■ **Exercise brief**:
Print the records below exactly as they appear. Omit all pictures.

-------- Extracted material

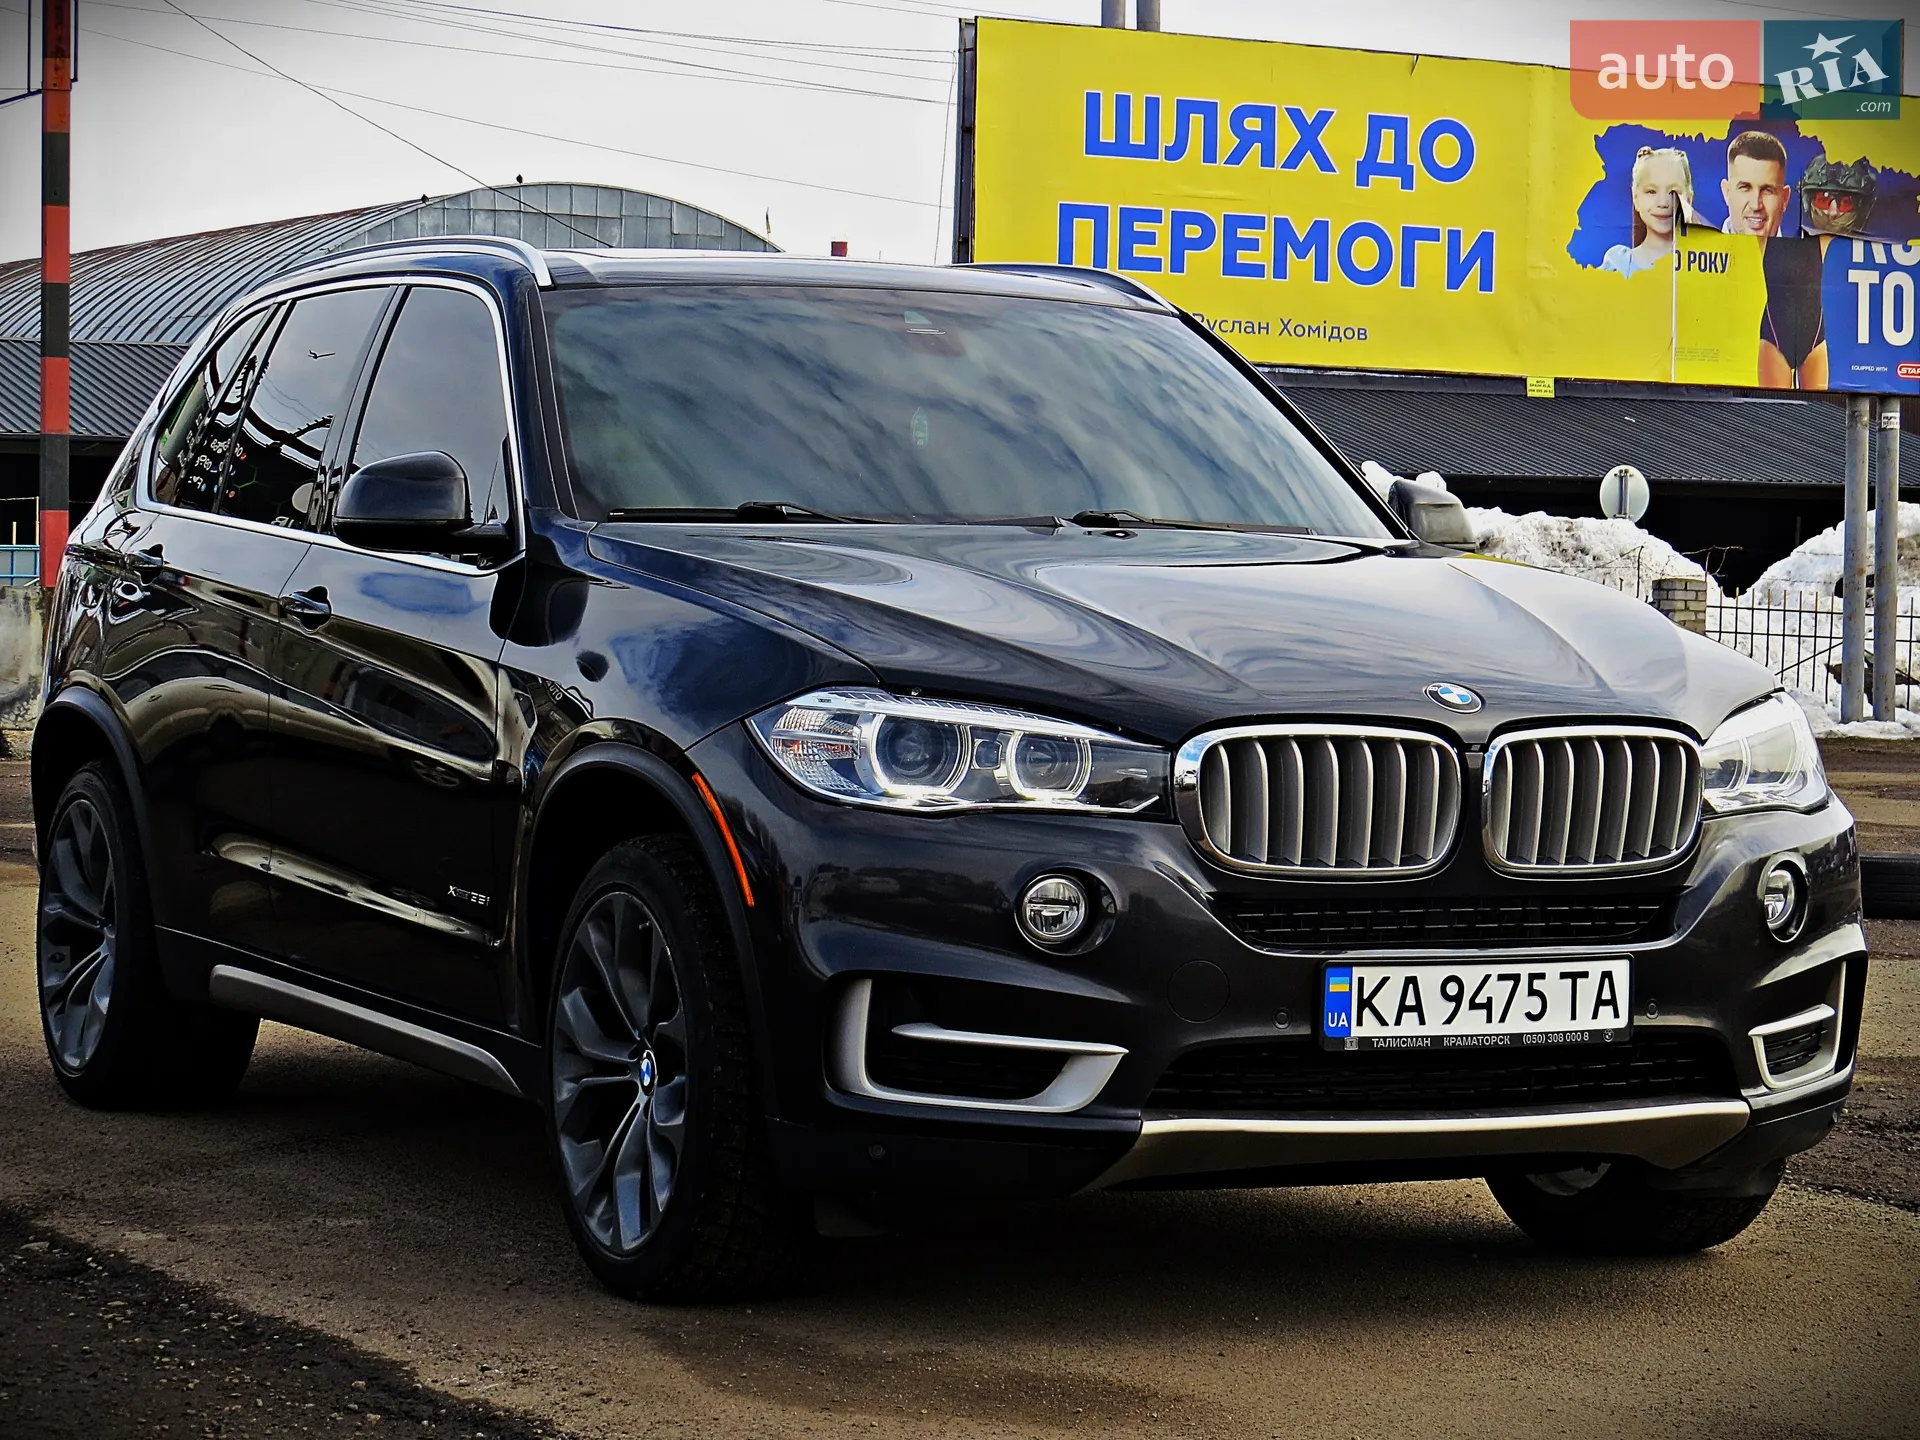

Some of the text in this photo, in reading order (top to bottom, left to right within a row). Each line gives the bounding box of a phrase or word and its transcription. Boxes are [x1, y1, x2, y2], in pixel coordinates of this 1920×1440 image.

[1084, 90, 1475, 191] ШЛЯХ ДО
[1057, 202, 1495, 293] ПЕРЕМОГИ
[1687, 250, 1729, 274] РОКУ
[1278, 317, 1368, 343] Хомідов
[1356, 970, 1620, 1027] KA 9475 TA
[1328, 1011, 1349, 1028] UA
[1371, 1037, 1431, 1048] ТАЛИСМАН
[1443, 1035, 1511, 1047] КРАМАТОРСК
[1522, 1033, 1546, 1044] (050)
[1547, 1032, 1564, 1043] 308
[1565, 1031, 1582, 1042] 000
[1583, 1031, 1590, 1041] 8
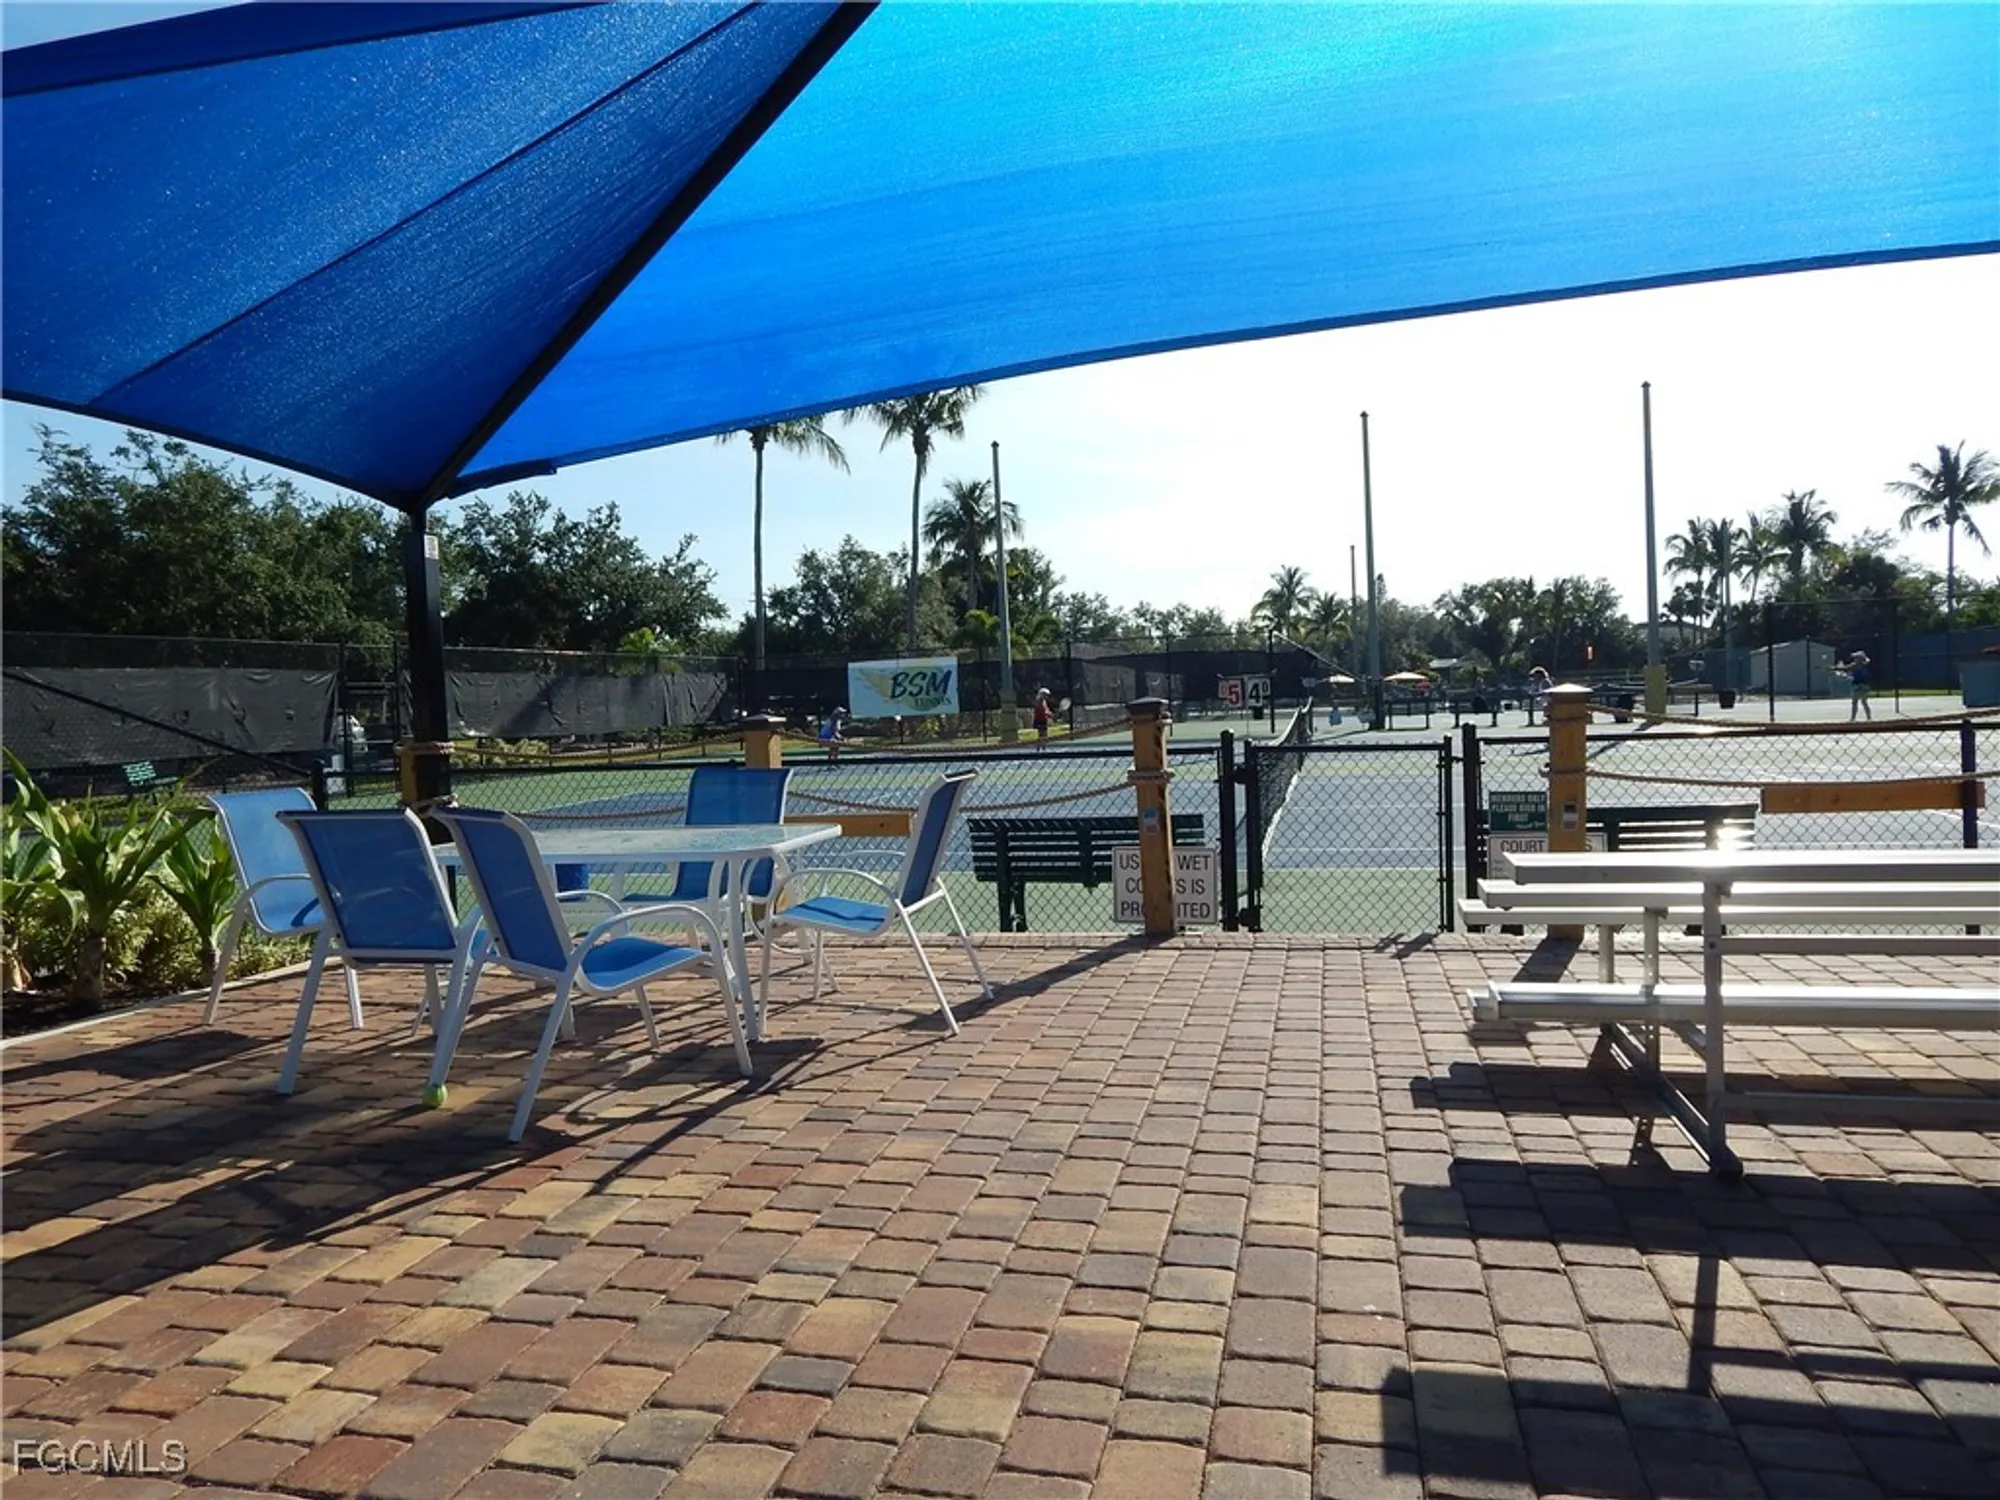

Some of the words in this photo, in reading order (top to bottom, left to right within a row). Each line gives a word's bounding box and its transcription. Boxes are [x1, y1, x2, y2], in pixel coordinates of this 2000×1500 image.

[890, 669, 952, 699] BSM
[1228, 684, 1240, 704] 5
[1249, 683, 1260, 703] 4
[1500, 840, 1545, 852] COURT
[1119, 854, 1140, 870] US
[1176, 855, 1210, 870] WET
[1125, 877, 1187, 894] COS
[1192, 879, 1205, 894] IS
[1121, 901, 1210, 918] PRITED

----------------

■ **Output for this task**:
Some of the text in this photo, in reading order (top to bottom, left to right within a row). Each line gives the bounding box of a phrase or word and its transcription. Boxes are [x1, y1, x2, y2], in pixel coordinates of this 1920×1440 image.

[1084, 90, 1475, 191] ШЛЯХ ДО
[1057, 202, 1495, 293] ПЕРЕМОГИ
[1687, 250, 1729, 274] РОКУ
[1278, 317, 1368, 343] Хомідов
[1356, 970, 1620, 1027] KA 9475 TA
[1328, 1011, 1349, 1028] UA
[1371, 1037, 1431, 1048] ТАЛИСМАН
[1443, 1035, 1511, 1047] КРАМАТОРСК
[1522, 1033, 1546, 1044] (050)
[1547, 1032, 1564, 1043] 308
[1565, 1031, 1582, 1042] 000
[1583, 1031, 1590, 1041] 8

Some of the words in this photo, in reading order (top to bottom, left to right within a row). Each line gives a word's bounding box and its transcription. Boxes are [x1, y1, x2, y2], in pixel coordinates of this 2000×1500 image.

[890, 669, 952, 699] BSM
[1228, 684, 1240, 704] 5
[1249, 683, 1260, 703] 4
[1500, 840, 1545, 852] COURT
[1119, 854, 1140, 870] US
[1176, 855, 1210, 870] WET
[1125, 877, 1187, 894] COS
[1192, 879, 1205, 894] IS
[1121, 901, 1210, 918] PRITED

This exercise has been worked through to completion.